The choice of comparison states is one of the features differentiating earlier studies of marijuana legalization. Some researchers have chosen to include only states geographically adjacent to the study states, whereas others have included all U.S. states that did not change marijuana policies. Others have defined the comparison states to be those that exhibited crash trends consistent with the study states during the period before legalization. All these approaches have merit, but none are perfect. The four regions defined by the U.S. Census Bureau are based on state-by-state similarities including “historical development, population characteristics, [and] economy” (U.S. Department of Commerce, 1994). So, the states in the western region share many characteristics that likely affect highway travel patterns. In addition, the western region, except for Alaska and Hawaii, comprises states that each border at least one study state. Finally, all these states are contained within the Mountain and Pacific Time Zones.

Although the six comparison states have many similarities, they differ in their population sizes and demographics. Population estimates for 2019 ranged from 580,000 in Wyoming to 7.3 million in Arizona. And, except for Arizona, none of these states had more than 100 fatal crashes during any of the quarters from 2009 to 2019. Such small numbers lead to a great deal of variability in fatal crash rates over time, so the comparison states were pooled together into one group. The pooled population was approximately 16 million in 2019, and quarterly fatal crashes ranged from 325 to 572.

The covariates considered in the statistical model were time (i.e., quarters since the 2009 starting point), unemployment rate, percentage of driving-age population younger than age 25, percentage of VMT on rural roads, maximum posted speed limit, seat belt use rate, and per capita alcohol consumption. U.S. traffic injury and fatality rates have been shown to be negatively correlated with the unemployment rate and seat belt use rate (Longthorne et al., 2010) and positively correlated with the percentage of young drivers, the percentage of rural VMT, maximum speed limits, and alcohol consumption (Patterson et al., 2002; Voas & Lacey, 2011).

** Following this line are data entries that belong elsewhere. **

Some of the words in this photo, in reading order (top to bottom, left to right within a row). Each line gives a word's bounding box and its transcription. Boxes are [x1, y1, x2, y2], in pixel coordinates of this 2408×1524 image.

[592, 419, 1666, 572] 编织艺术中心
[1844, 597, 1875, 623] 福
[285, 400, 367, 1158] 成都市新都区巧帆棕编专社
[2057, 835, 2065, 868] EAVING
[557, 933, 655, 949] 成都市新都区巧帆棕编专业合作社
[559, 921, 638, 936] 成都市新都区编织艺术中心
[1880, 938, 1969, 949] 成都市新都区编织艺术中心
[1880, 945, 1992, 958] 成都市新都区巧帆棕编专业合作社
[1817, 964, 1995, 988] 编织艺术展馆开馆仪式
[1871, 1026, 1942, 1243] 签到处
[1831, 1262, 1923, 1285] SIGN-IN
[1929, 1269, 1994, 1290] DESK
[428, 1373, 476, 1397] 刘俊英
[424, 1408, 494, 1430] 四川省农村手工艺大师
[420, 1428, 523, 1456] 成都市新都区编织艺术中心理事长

Most covariates differed across the states. For example, VMT on rural roads in California ranged from 16% to 18% of total VMT, whereas rural VMT in the comparison group of states ranged from 40% to 44%. Differential changes in these covariates over time (e.g., the increase in alcohol consumption in California from 8.6 liters per person in 2015 to 9.7 liters in 2019) could mask the true effects of the law changes. Logarithms of quarterly crash rates per VMT in each state were modeled as a function of the six state groups (five study states and one comparison group) and the covariates.

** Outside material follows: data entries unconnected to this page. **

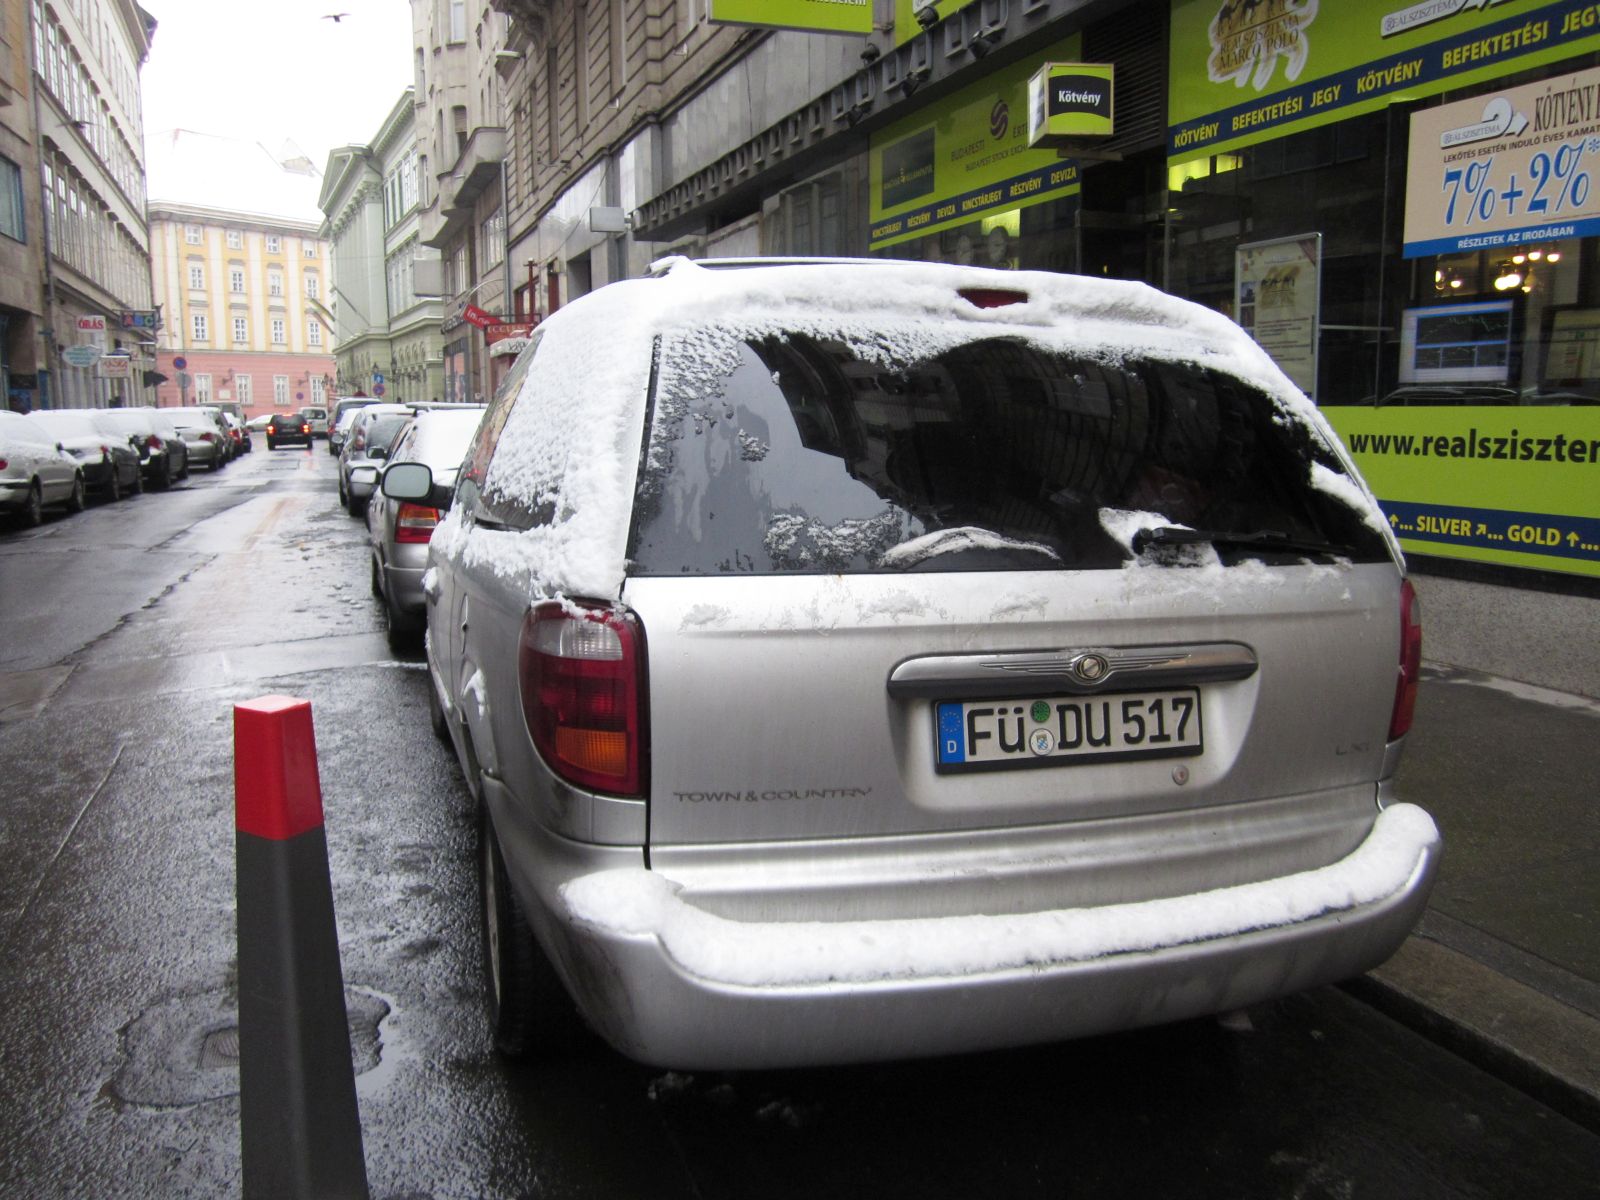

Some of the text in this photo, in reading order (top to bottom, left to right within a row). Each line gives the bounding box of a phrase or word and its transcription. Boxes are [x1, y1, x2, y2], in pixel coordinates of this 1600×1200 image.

[1220, 28, 1299, 69] MARCO POLO
[1058, 90, 1101, 107] Kötvény
[1174, 122, 1219, 149] KÖTVÉNY
[1232, 96, 1303, 131] BEFEKTETÉSI
[1310, 85, 1342, 108] JEGY
[1356, 58, 1424, 94] KÖTVÉNY
[1442, 20, 1549, 69] BEFEKTETÉSI
[1477, 143, 1506, 157] ESETÉN
[1509, 136, 1541, 151] INDULÓ
[1543, 131, 1564, 144] ÉVES
[937, 204, 956, 219] DEVIZA
[962, 190, 1003, 211] KINCSTÁRJEGY
[1010, 177, 1042, 196] RÉSZVÉNY
[1051, 166, 1077, 185] DEVIZA
[1457, 226, 1575, 249] RÉSZLETEK AZ IRODÁBAN
[1416, 515, 1561, 546] SILVER GOLD
[967, 697, 1194, 756] FÜ DU 517
[947, 740, 957, 754] D
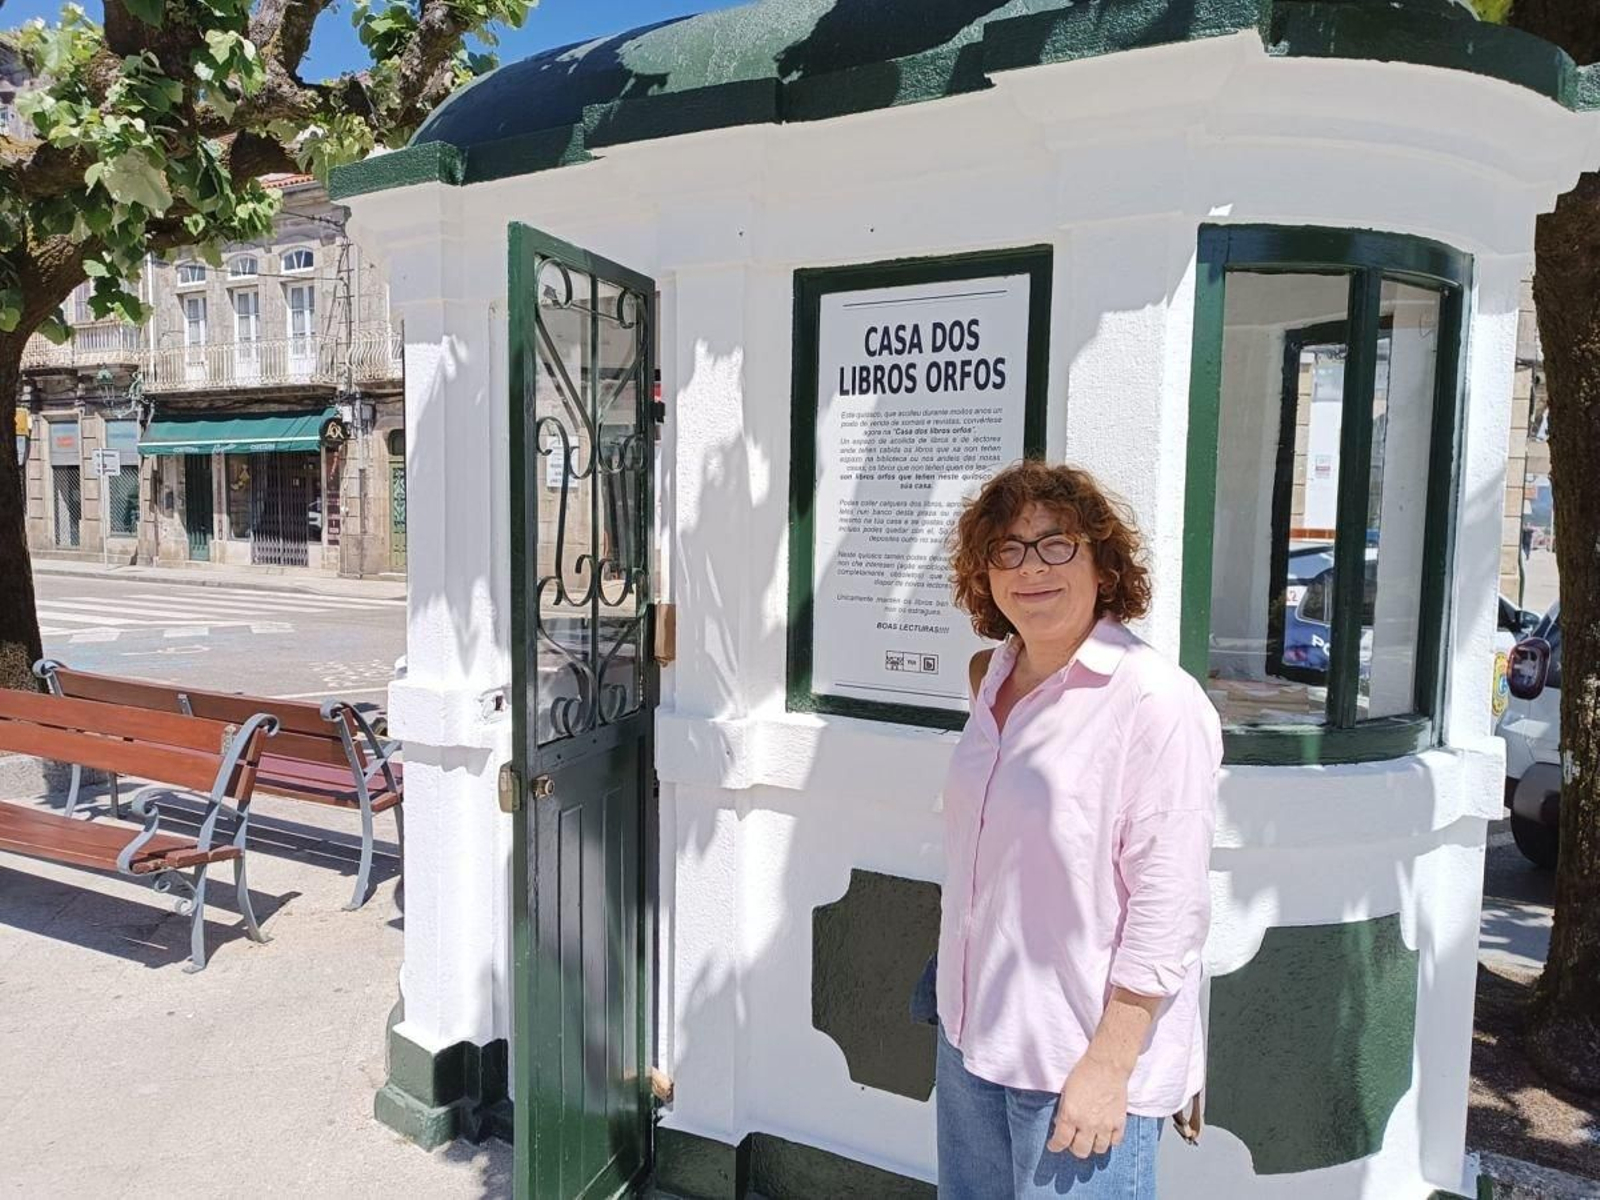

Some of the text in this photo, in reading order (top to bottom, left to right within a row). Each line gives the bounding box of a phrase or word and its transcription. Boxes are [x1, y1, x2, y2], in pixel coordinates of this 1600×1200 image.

Separate analyses were conducted for fatal crashes and other injury crashes. Further breakdowns by level of injury (e.g., serious/minor) were not possible with the available data. Crashes not involving injury were excluded because, although all states report crashes involving injury, they differ in their requirements for reporting property-damage-only crashes. Also, the reporting requirements for a state may change over time. For example, Oregon reported all crashes involving property damage of at least $1,500 from 2009 through 2017, but the cutoff increased to $2,500 in 2018.

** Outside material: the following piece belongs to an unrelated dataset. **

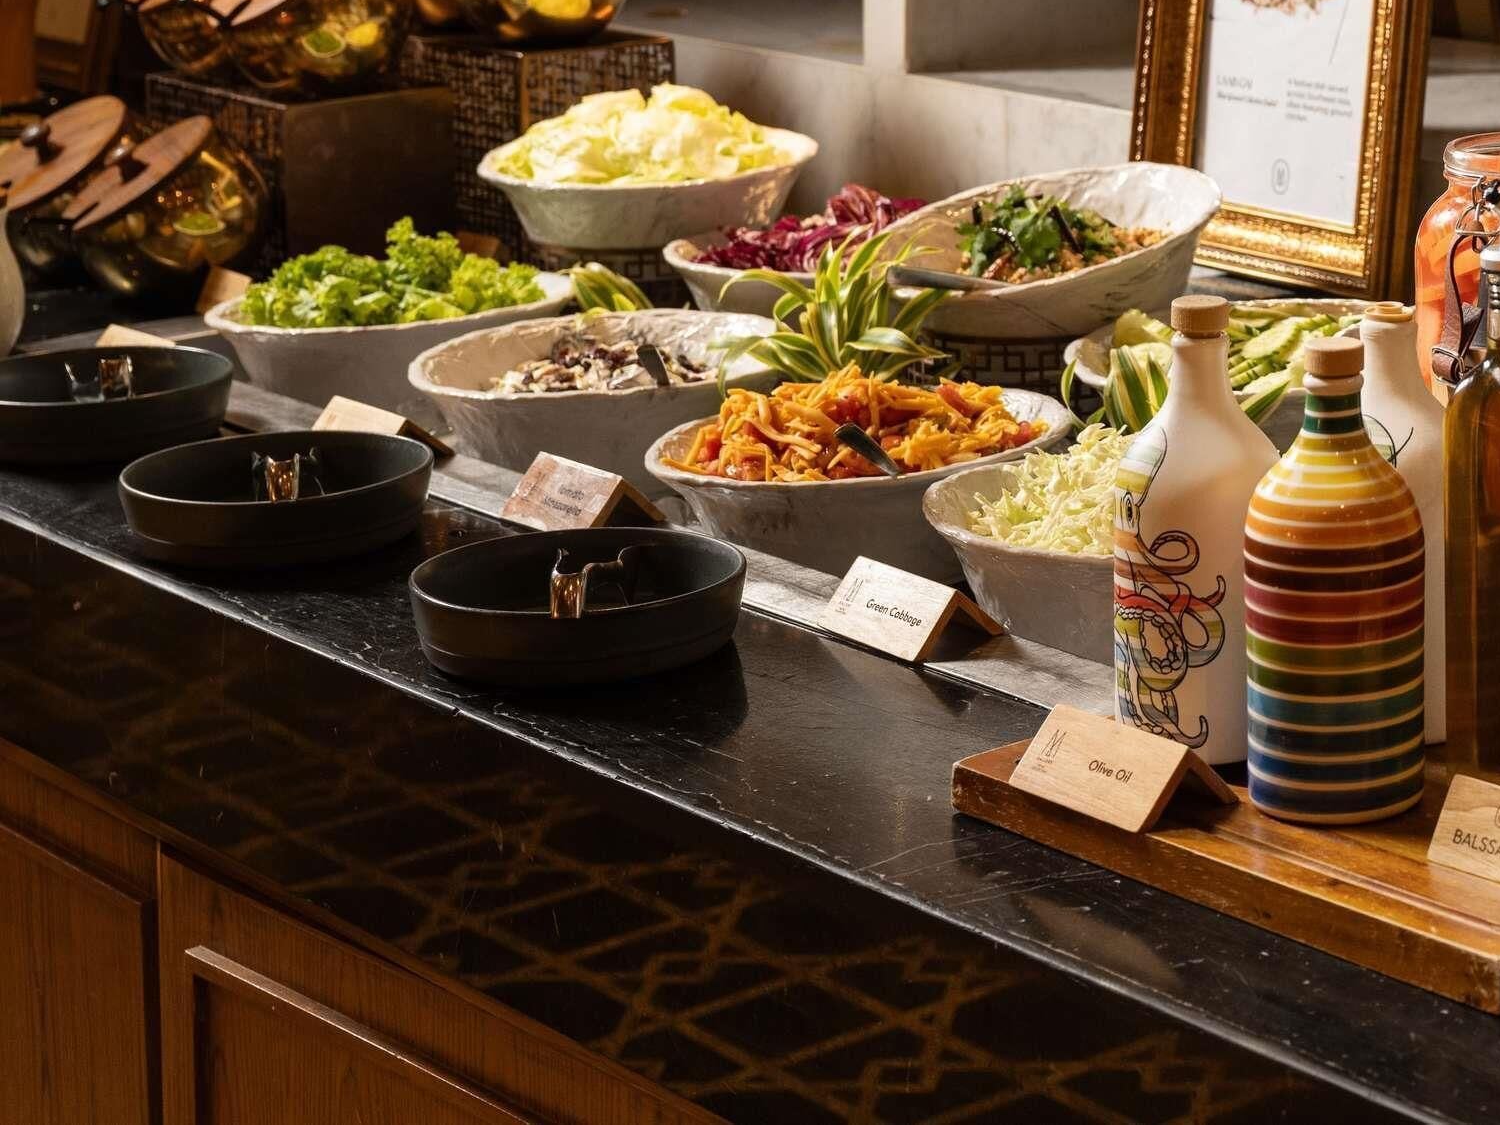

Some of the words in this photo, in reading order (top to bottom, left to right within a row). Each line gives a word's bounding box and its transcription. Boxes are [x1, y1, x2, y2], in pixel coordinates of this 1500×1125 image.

[866, 598, 889, 615] Green
[889, 607, 922, 627] Cabbage
[1088, 760, 1114, 776] Olive
[1115, 769, 1133, 783] Oil

The statistical models also included two indicator variables related to marijuana legalization. One indicator variable was equal to zero for all quarters before legalization of recreational marijuana use and equal to one for all quarters thereafter. This allowed for the possibility of a step change in the crash rate when recreational use was legalized. The second indicator variable was defined to be zero for all quarters before legalization of retail marijuana sales and equal to one for all quarters thereafter (i.e., a step change when retail sales were allowed).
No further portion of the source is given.